Asked by Anonymous at 11:43 AM on Sep. 18, 2009 in Health

Answers (3)
  • Not hateful and miserable...but he is often depressed and maybe a bit bitter. She probably doesn't help because she CAN'T...you CAN however change your situation. Find a job, get the children in a state assisted or income based day care and find a place of your own. Having two little ones around that she cannot interact with because of her illness may be causing her to feel inadequate and that can make someone very difficult to be around. Not wanting to be on welfare is not a good enough reason to be a leech on your parents when you are an adult and made your own decisions...they paid their dues so to speak...time to pull up your bootstraps and do the same.
    Anonymous

    Answer by Anonymous at 11:48 AM on Sep. 18, 2009

  • My mom had severe MS for years, she was mostly bed-ridden, she was not hateful, but was miserable sometimes, she was in lots of pain. It is an AWFUL disease for everyone involved. And it goes on for years. My mom died 2 years ago from complications. I know that the one thing that depressed her the most was that she couldn't do for all of us like she wanted, especially her grandkids. I'm glad she is free of pain, but I miss her every day and wish I was able to do more for her when she was here.
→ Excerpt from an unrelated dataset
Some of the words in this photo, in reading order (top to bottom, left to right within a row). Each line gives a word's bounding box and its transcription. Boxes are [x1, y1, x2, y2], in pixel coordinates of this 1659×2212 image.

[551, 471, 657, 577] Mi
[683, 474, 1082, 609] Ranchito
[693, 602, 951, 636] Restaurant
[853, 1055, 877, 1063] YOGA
    If you want out, do what you have to, but you and your kids are burdening a sick woman by being there and you expect her to do more for you? Its a horrible disease, and the medications make things even worse, and it is really hard on the ENTIRE family, but you are healthy and you are living in her home...
    gramsmom

    Answer by gramsmom at 12:08 PM on Sep. 18, 2009

  • The person I know with MS is sweat, but dippy. Her brain doesn't always work, but sometimes she is fine. She used to walk with a cane, but is actually much better now. It has been more than 20 years since her diagnosis.  Your mother needs a hobby. TV rots the brain and makes people cranky.  Anything she can interact with would be an improvement.